The power vacuum caused by the following withdrawal and the increased marginalization of the Sunni population under the reign of Maliki encouraged the rise of the Islamic State. The campaign promise that Obama made negatively affected his decision to support democracy and a gradual transition to Iraqi-led security.

Trump also repeatedly promised his supporters while on the campaign trail that he would withdraw troops from the Middle East. His focus was on the U.S. presence in Syria. On December 19, 2018, President Donald Trump announced via Twitter that, “our boys, our young women, our men—they're all coming back, and they’re coming back now.” The announcement went against the recommendations of policymakers in the Pentagon, the State Department, and members on both sides of the Congressional aisle.

Trump claimed that the troops were no longer needed in Syria because the Islamic State had been defeated. However, this claim failed to address the other reasons for a military presence such as the prevention of further Russian and Iranian influence, support of Kurdish allies, and containment of additional terrorist cells. In order to balance the spread of Iranian influence in the country and to support important U.S. allies like Israel and the Kurds, the United States needed to maintain its troop presence.

Middle Eastern affairs are not well understood by people without regional expertise. Thus, after the defeat of the majority of the Islamic State, most Americans agreed that it was time to bring the troops home. Nevertheless, it was the responsibility of the U.S. government to consider the nuances of Middle Eastern politics and the dynamics of terrorist networks—especially in light of what happened in Iraq—in order to make an effective military strategy.
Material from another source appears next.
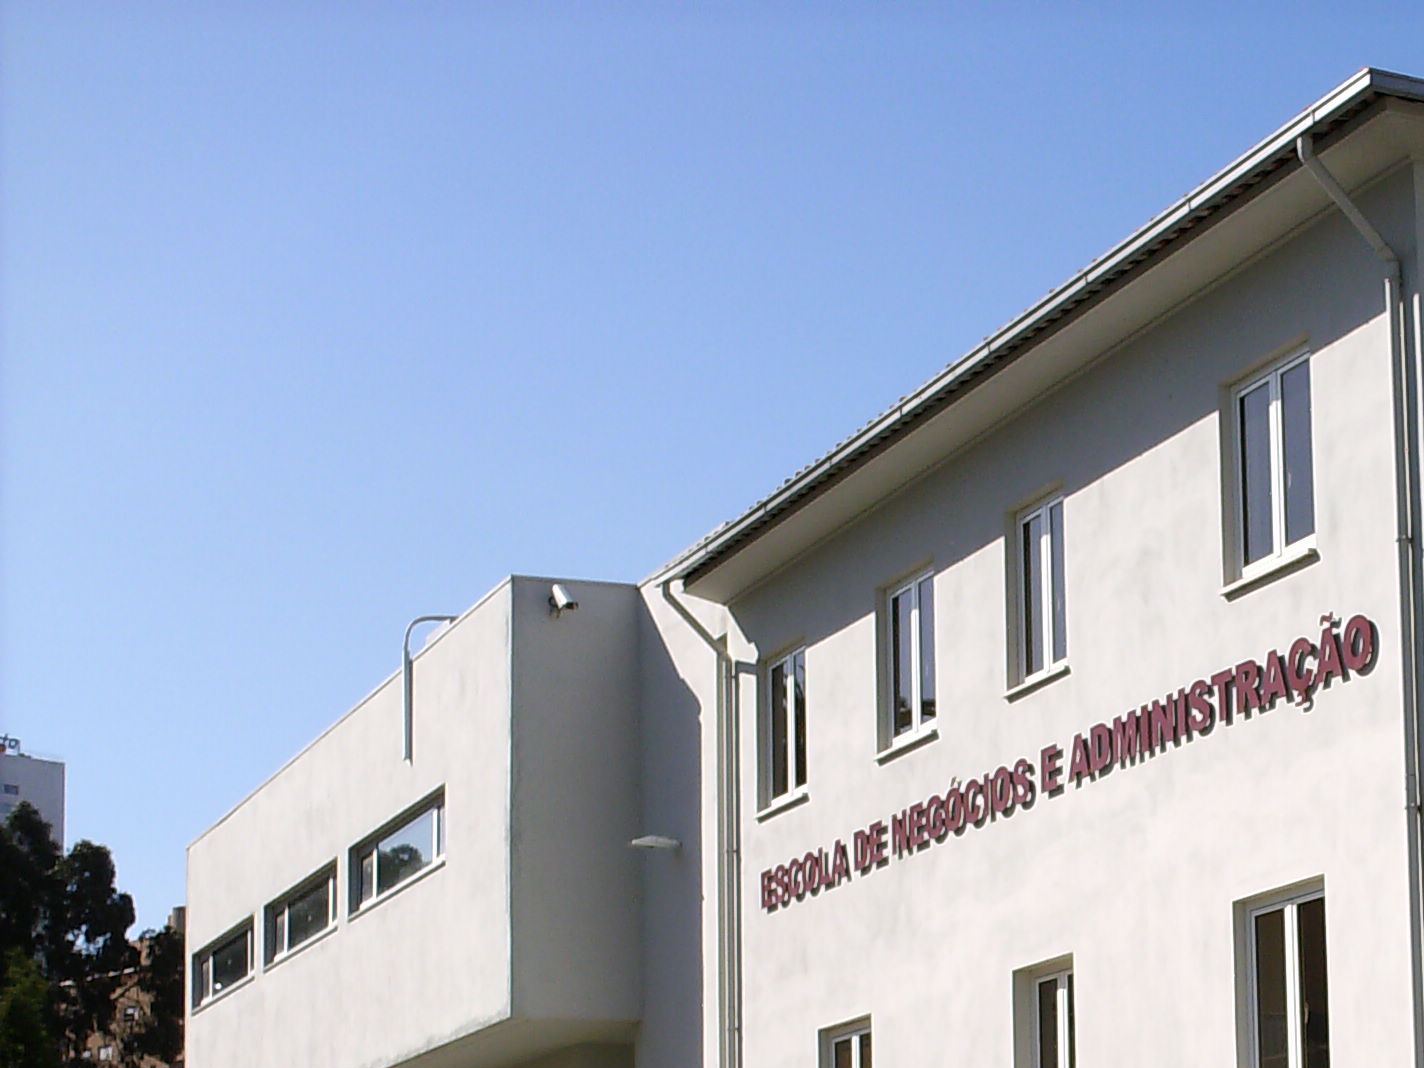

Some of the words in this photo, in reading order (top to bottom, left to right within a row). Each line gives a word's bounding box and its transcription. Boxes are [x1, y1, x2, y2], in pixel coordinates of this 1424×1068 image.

Instead, Trump compromised U.S. security in order to fulfill his campaign promise. Even Sen. Lindsey Graham (R-SC), who has been one of Trump's most vocal supporters, acknowledged the short-sightedness of the decision when he called it “Iraq all over again.”

Fortunately, some of Trump’s closest advisors were able to deter him from the thirty-day complete withdrawal to leaving four hundred troops in Syria. Additionally, Britain and France agreed to backfill the U.S. withdrawal by increasing their own forces 10 percent to 15 percent in Syria.

What both of these events represent is a cautionary tale to current presidential candidates to avoid making grand promises about the Middle East during their campaigns. It is important to have a clear vision of one's policy in the Middle East as it demonstrates an understanding of the region, and it allows voters to determine if a candidate is likely to side with certain regimes or become involved in other conflicts.

 

However, the politics of the Middle East change too quickly and involve too many factors to be effectively addressed by a flashy campaign promise. Such promises set the future administration up for failure or lead to uninformed political decisions that could potentially translate into more violence and thus require another costly military intervention by the United States.

Olivia Giles is an intern for the Middle East Studies Program at the Center for the National Interest. She is a senior at Bowdoin College in Brunswick, Maine where she is majoring in Government and Legal Studies with a concentration in comparative politics in the Middle East and Africa.